Potential Neuroleptic Agents, N-[(2-Pyrrolidinyl)methyl]-2, 3-dihydrobenzofuran-7-carboxamide Derivatives

A series of 2, 3-dihydrobenzofuran-7-carboxamides, presenting a stabilized intramolecular hydrogen bond, was synthesized and evaluated in pharmacological models for antipsychotic activity.
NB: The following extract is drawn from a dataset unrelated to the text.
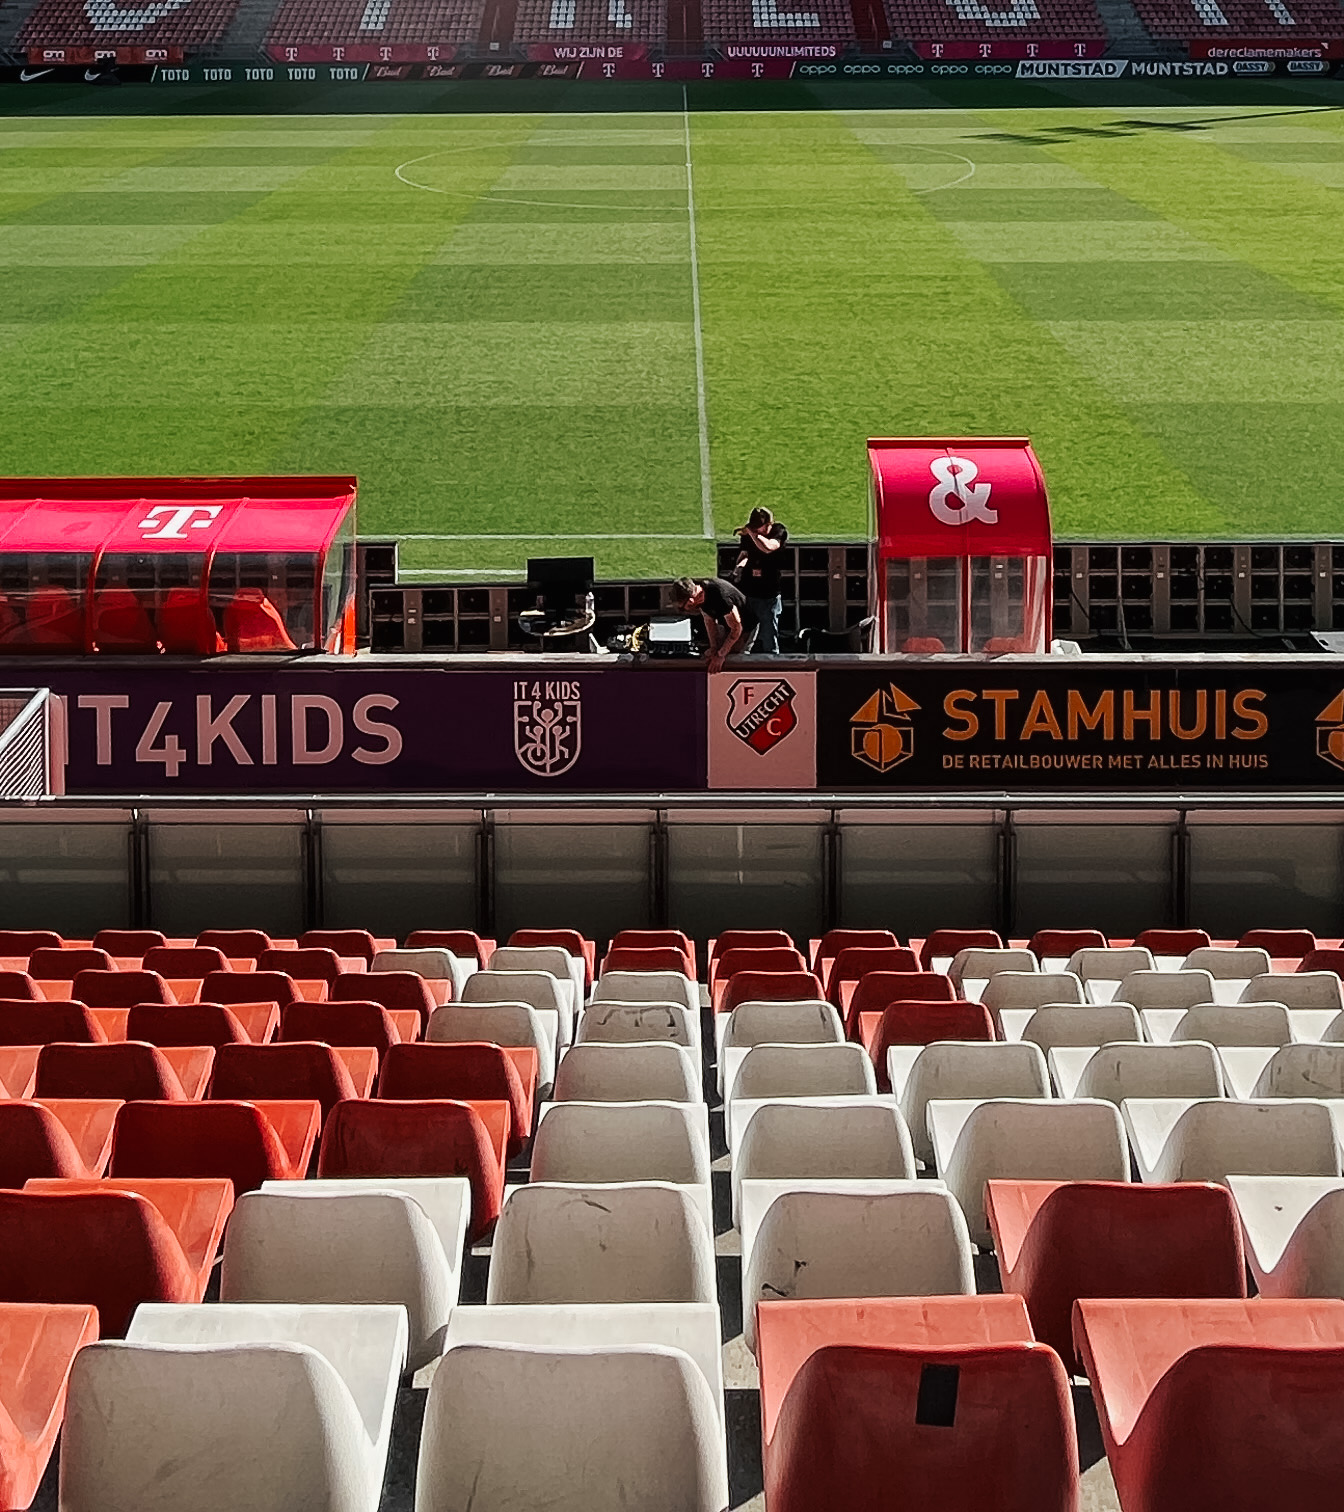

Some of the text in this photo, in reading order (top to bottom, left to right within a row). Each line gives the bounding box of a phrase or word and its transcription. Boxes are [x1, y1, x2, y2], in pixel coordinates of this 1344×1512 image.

Among them, N-[(1-butyl-2-pyrrolidinyl)methyl]-2-methyl-5-sulfamoyl-2, 3-dihydrobenzofuran-7-carboxamide (15) showed an atypical neuroleptic profile similar to that of sulpiride (1) and more lipophilic properties than 1. Compounds 15 was 11 times more potent in antagonistic activity on apomorphine-induced hyperactivity in mice (ED50=30mg/kg, p.o.) and stronger in potentiation of methamphetamine lethality in rats than 1, while it was as weak in inhibitory activity of apomorphine-induced stereotype in rats (ED50>500mg/kg, p.o.) as 1. On the other hand, N-[(1-ethyl-2-pyrrolidinyl)methyl]-2-methyl-5-methylthio-2, 3-dihydrobenzofuran-7-carboxamide (30) showed classical neuroleptic profile with a potency comparable to haloperidol in antagonistic activity on apomorphine-induced hyperactivity in mice (ED50=0.65mg/kg, p.o.). The structure-activity relationships were also discussed.